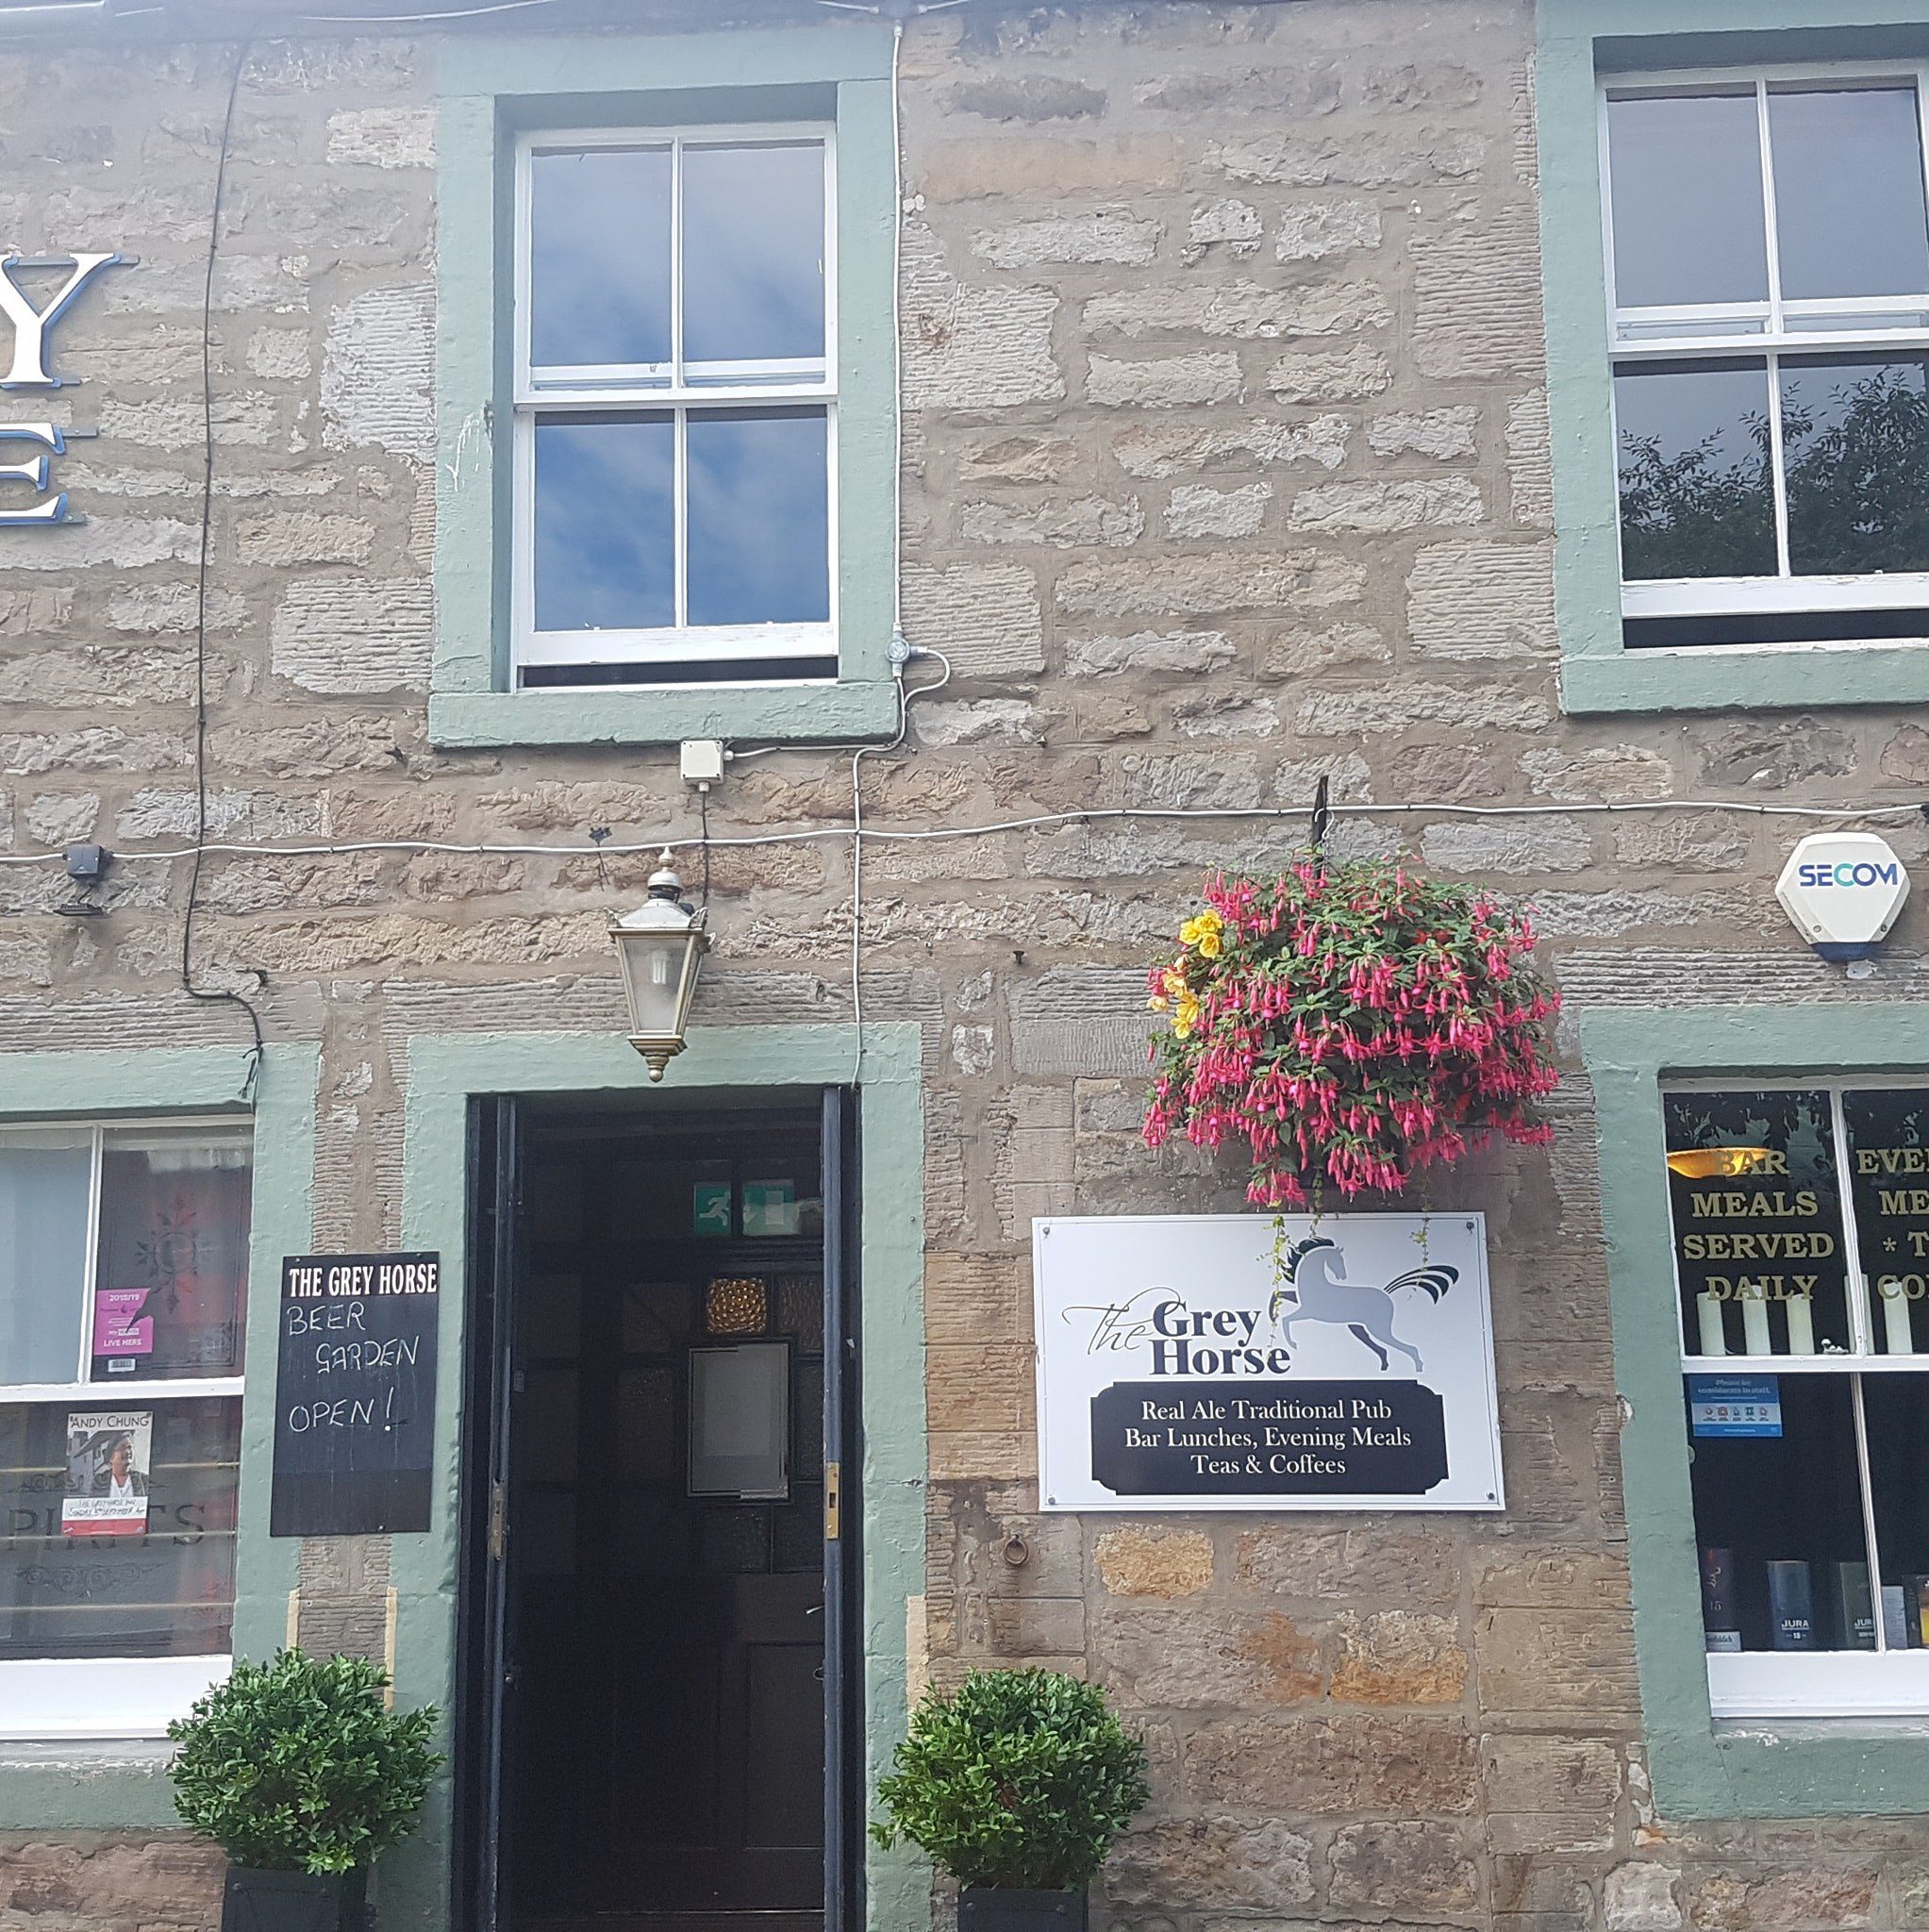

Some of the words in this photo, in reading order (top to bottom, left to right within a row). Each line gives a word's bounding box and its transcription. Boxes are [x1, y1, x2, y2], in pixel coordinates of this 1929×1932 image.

[1799, 863, 1898, 887] SECOM
[1716, 1150, 1789, 1174] BAR
[1855, 1148, 1929, 1174] EVE
[1690, 1191, 1818, 1218] MEALS
[1683, 1233, 1835, 1259] SERVED
[289, 1268, 323, 1297] THE
[328, 1266, 374, 1296] GREY
[379, 1264, 438, 1294] HORSE
[1705, 1275, 1818, 1301] DAILY
[1877, 1274, 1929, 1300] CO
[287, 1301, 366, 1336] BEER
[1061, 1287, 1179, 1356] The
[1153, 1300, 1262, 1348] Grey
[316, 1336, 420, 1374] GARDEN
[1148, 1339, 1291, 1375] Horse
[71, 1417, 103, 1428] ANDY
[107, 1415, 149, 1427] CHUNG
[1141, 1401, 1185, 1420] Real
[1191, 1400, 1226, 1420] Ale
[1232, 1399, 1344, 1419] Traditional
[1351, 1399, 1391, 1419] Pub
[1125, 1427, 1161, 1447] Bar
[1167, 1427, 1258, 1449] Lunches,
[1264, 1427, 1345, 1450] Evening
[1351, 1426, 1411, 1446] Meals
[1190, 1454, 1240, 1474] Teas
[1246, 1454, 1263, 1474] &
[1270, 1453, 1347, 1474] Coffees
[1781, 1620, 1810, 1628] JURA
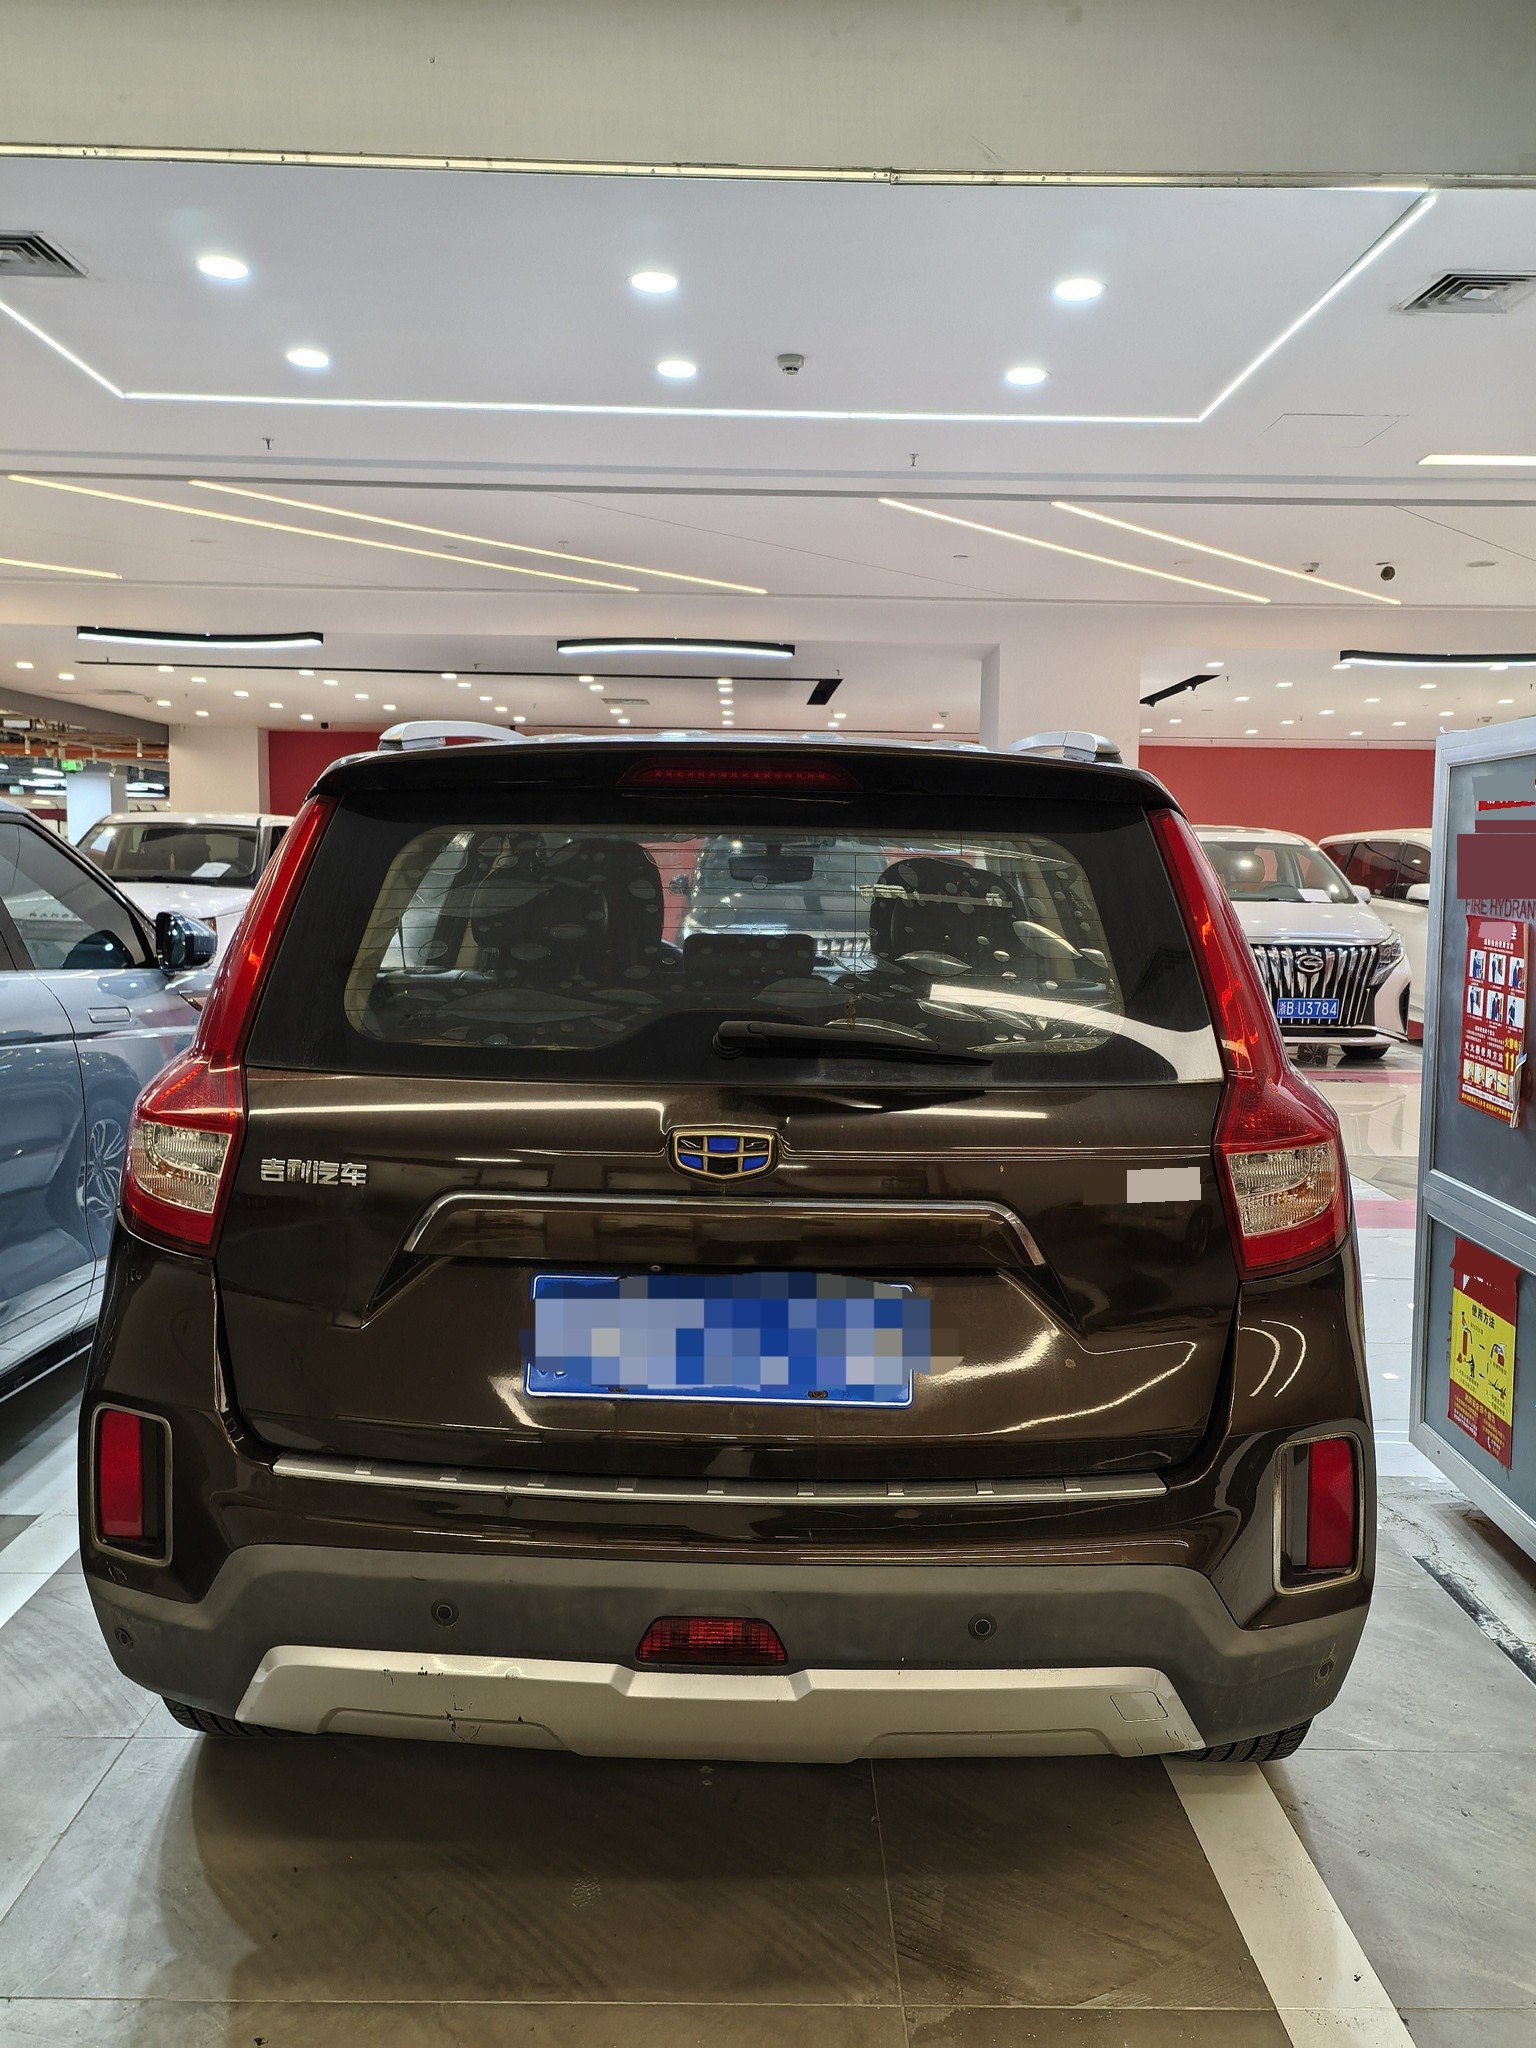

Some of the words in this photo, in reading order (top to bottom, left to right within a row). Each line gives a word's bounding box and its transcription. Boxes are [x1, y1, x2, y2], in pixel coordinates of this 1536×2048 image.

[1464, 1041, 1504, 1063] 灭火器使用方法
[1504, 1037, 1521, 1051] 火警电
[261, 1158, 367, 1186] 吉利汽车
[1472, 1304, 1495, 1330] 使用方法

*Work order:*
Copy each line of the records above exactly as written. Do not carry over any picture.

*Output:*
Some of the words in this photo, in reading order (top to bottom, left to right within a row). Each line gives a word's bounding box and its transcription. Boxes are [x1, y1, x2, y2], in pixel coordinates of this 1929×1932 image.

[1799, 863, 1898, 887] SECOM
[1716, 1150, 1789, 1174] BAR
[1855, 1148, 1929, 1174] EVE
[1690, 1191, 1818, 1218] MEALS
[1683, 1233, 1835, 1259] SERVED
[289, 1268, 323, 1297] THE
[328, 1266, 374, 1296] GREY
[379, 1264, 438, 1294] HORSE
[1705, 1275, 1818, 1301] DAILY
[1877, 1274, 1929, 1300] CO
[287, 1301, 366, 1336] BEER
[1061, 1287, 1179, 1356] The
[1153, 1300, 1262, 1348] Grey
[316, 1336, 420, 1374] GARDEN
[1148, 1339, 1291, 1375] Horse
[71, 1417, 103, 1428] ANDY
[107, 1415, 149, 1427] CHUNG
[1141, 1401, 1185, 1420] Real
[1191, 1400, 1226, 1420] Ale
[1232, 1399, 1344, 1419] Traditional
[1351, 1399, 1391, 1419] Pub
[1125, 1427, 1161, 1447] Bar
[1167, 1427, 1258, 1449] Lunches,
[1264, 1427, 1345, 1450] Evening
[1351, 1426, 1411, 1446] Meals
[1190, 1454, 1240, 1474] Teas
[1246, 1454, 1263, 1474] &
[1270, 1453, 1347, 1474] Coffees
[1781, 1620, 1810, 1628] JURA

Some of the words in this photo, in reading order (top to bottom, left to right within a row). Each line gives a word's bounding box and its transcription. Boxes are [x1, y1, x2, y2], in pixel coordinates of this 1536×2048 image.

[1464, 1041, 1504, 1063] 灭火器使用方法
[1504, 1037, 1521, 1051] 火警电
[261, 1158, 367, 1186] 吉利汽车
[1472, 1304, 1495, 1330] 使用方法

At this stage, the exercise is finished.